Nieustraszony linoskoczek dokonał tego spektakularnego wyczynu na wysokości 426.7 metrów nad ziemią po linie o grubości zaledwie pięciu centymetrów. Jest to tak wysoko, że pod liną zmieściłby się cały Empire State Bulding. Spacer zajął mu nieco ponad 22 minuty.
W czasie przejścia Wallenda dwukrotnie się zatrzymał. Uklęknął, aby "poczuć rytm liny" i niemal cały czas mruczał modlitwy.
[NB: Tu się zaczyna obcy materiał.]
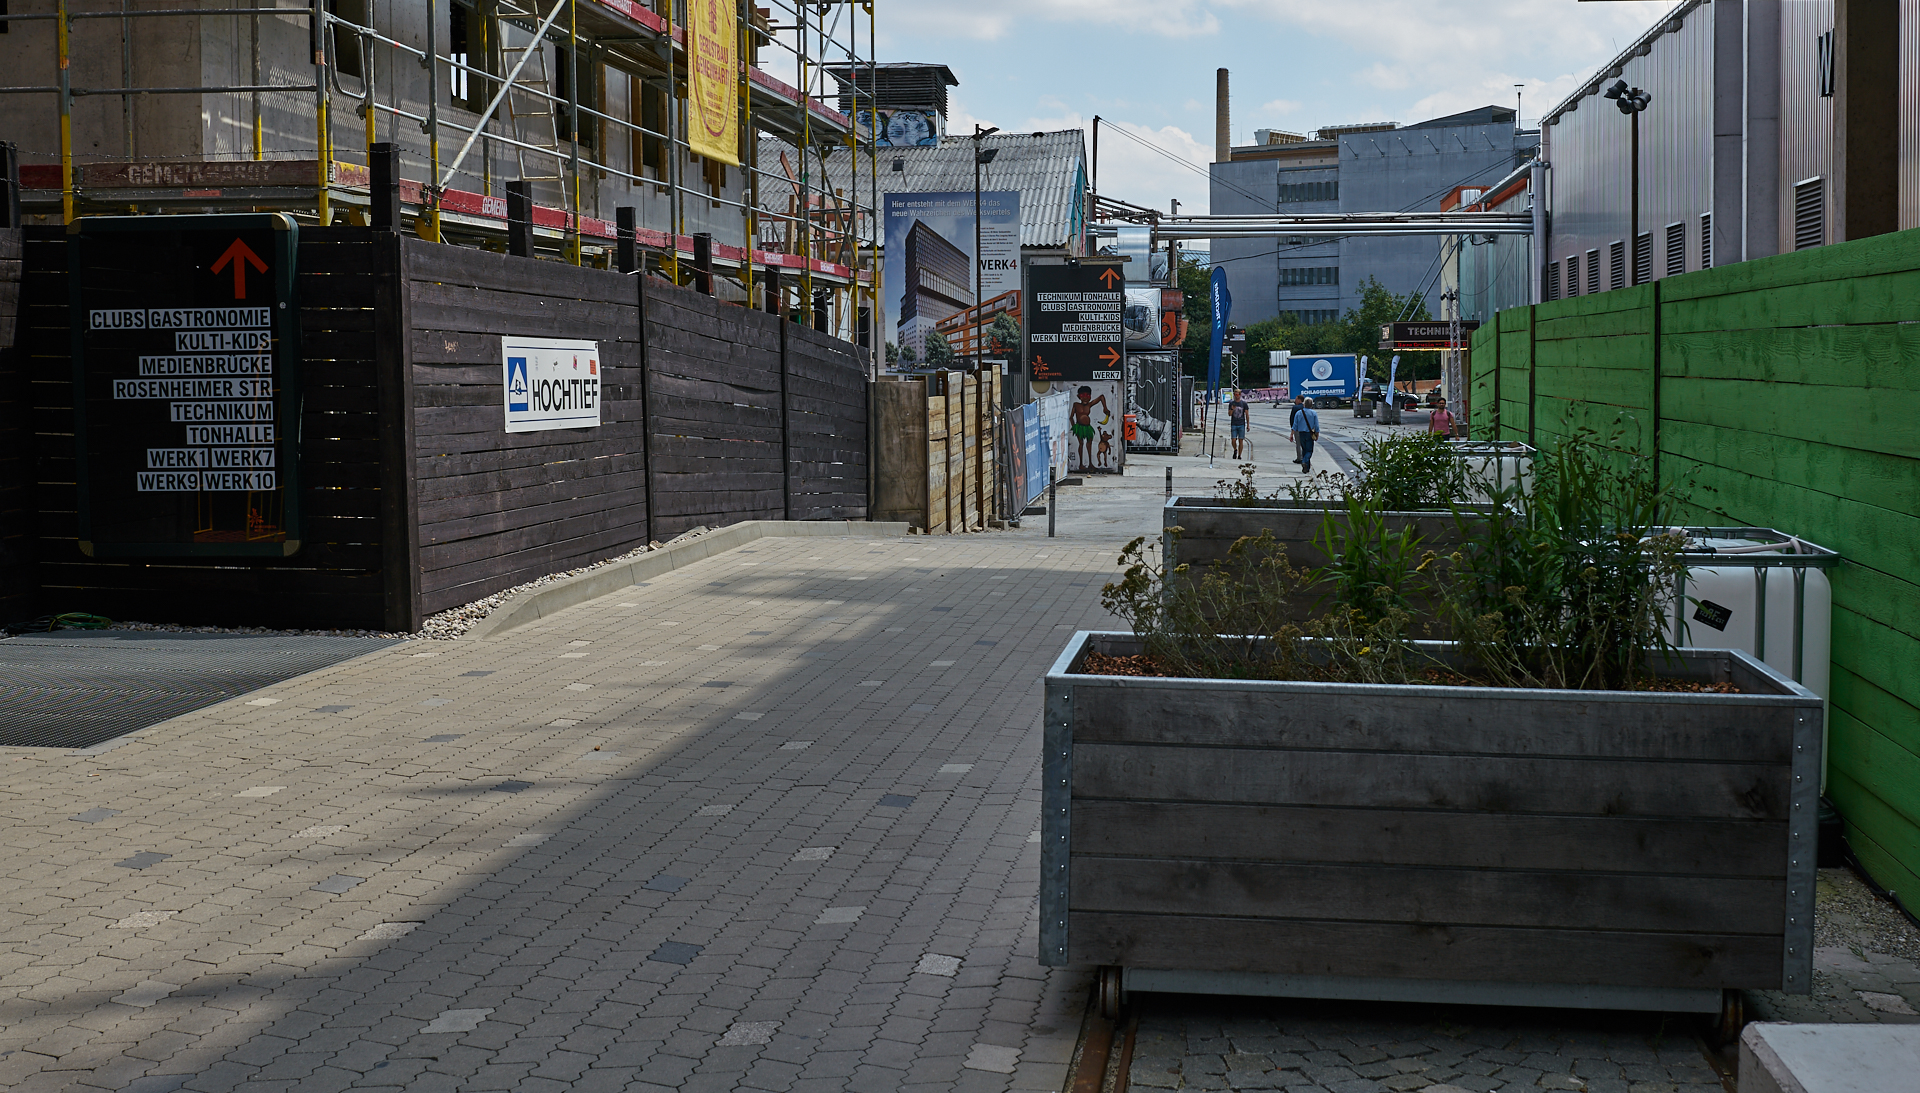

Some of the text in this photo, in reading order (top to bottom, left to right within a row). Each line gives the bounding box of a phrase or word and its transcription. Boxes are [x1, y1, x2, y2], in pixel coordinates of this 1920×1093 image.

[698, 33, 729, 65] GERÜSTBAU
[891, 200, 906, 208] Hier
[907, 200, 934, 208] entsteht
[936, 199, 946, 207] mit
[947, 199, 961, 207] dem
[988, 199, 1001, 207] das
[909, 209, 952, 217] Wahrzeichen
[966, 208, 1011, 217] Weksviertels
[1083, 293, 1120, 301] TONHALLE
[1041, 303, 1120, 311] CLUBS GASTRONOMIE
[92, 309, 270, 329] CLUBS GASTRONOMIE
[1079, 313, 1120, 321] KULTI-KIDS
[1063, 322, 1120, 332] MEDIENBRÜCKE
[178, 332, 270, 351] KULTI-KIDS
[1090, 334, 1120, 342] WERK10
[142, 354, 271, 375] MEDIENBRÜCKE
[1094, 371, 1120, 379] WERK7
[116, 379, 271, 399] ROSENHEIMER STR
[532, 378, 599, 412] HOCHTIEF
[173, 403, 272, 421] TECHNIKUM
[189, 426, 273, 444] TONHALLE
[149, 449, 273, 467] WERK1 WERK7
[139, 473, 274, 490] WERK9 WERK10
Jego krok był miarowy i równy, pod koniec marszu odważył się jednak na bieg i skoki. Wallenda miał na sobie mikrofon i dwie kamery, jedna z nich skierowana w przód, druga w dół na przełom rzeki Małe Kolorado.
Utytułowany śmiałek
Nik Wallenda w ciągu ostatnich lat dokonał wielu mrożących krew w żyłach wyczynów – w zeszłym roku, na oczach 6 mln widzów przeszedł po linie nad wodospadem Niagara. Przez kilkanaście lat swojej kariery pobił aż 6 rekordów Guinnessa, co czyni go najbardziej utytułowanym linoskoczkiem w dziejach.
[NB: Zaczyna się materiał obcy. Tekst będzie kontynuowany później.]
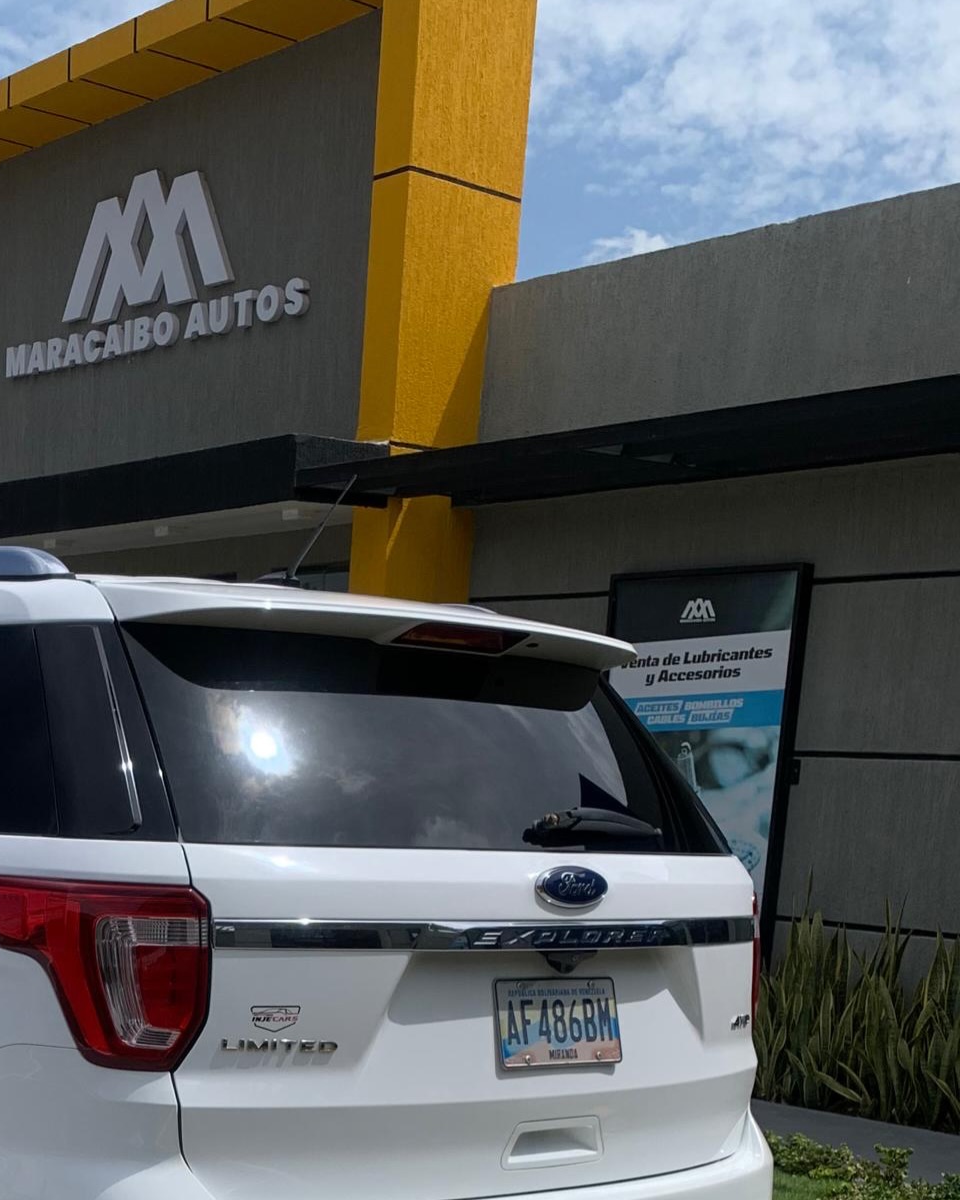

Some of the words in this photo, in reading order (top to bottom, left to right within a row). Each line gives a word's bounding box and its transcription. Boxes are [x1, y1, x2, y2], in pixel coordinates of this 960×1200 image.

[6, 311, 180, 379] MARACAIBO
[184, 277, 310, 340] AUTOS
[662, 653, 681, 666] de
[684, 647, 773, 665] Lubricantes
[645, 674, 655, 686] y
[658, 666, 741, 683] Accesorios
[637, 702, 680, 713] ACEITES
[558, 871, 596, 895] Ford
[473, 929, 668, 946] EXPLORER
[507, 998, 613, 1045] AF486BM
[221, 1038, 339, 1053] LIMITED
[549, 1048, 578, 1060] MIRANDA
Nikt dotychczas nie przeszedł po linie rozpiętej między brzegami Wielkiego Kanionu Kolorado. Wallenda pokonał nie tylko wysokość, ale też pustynny upał i silny wiatr. Akrobata przyznał, że już w dzieciństwie poprzysiągł sobie, że kiedyś pokona Wielki Kanion w powietrzu.
34-letni akrobata należy do rodziny słynnych cyrkowców, tzw. Latających Wallendów.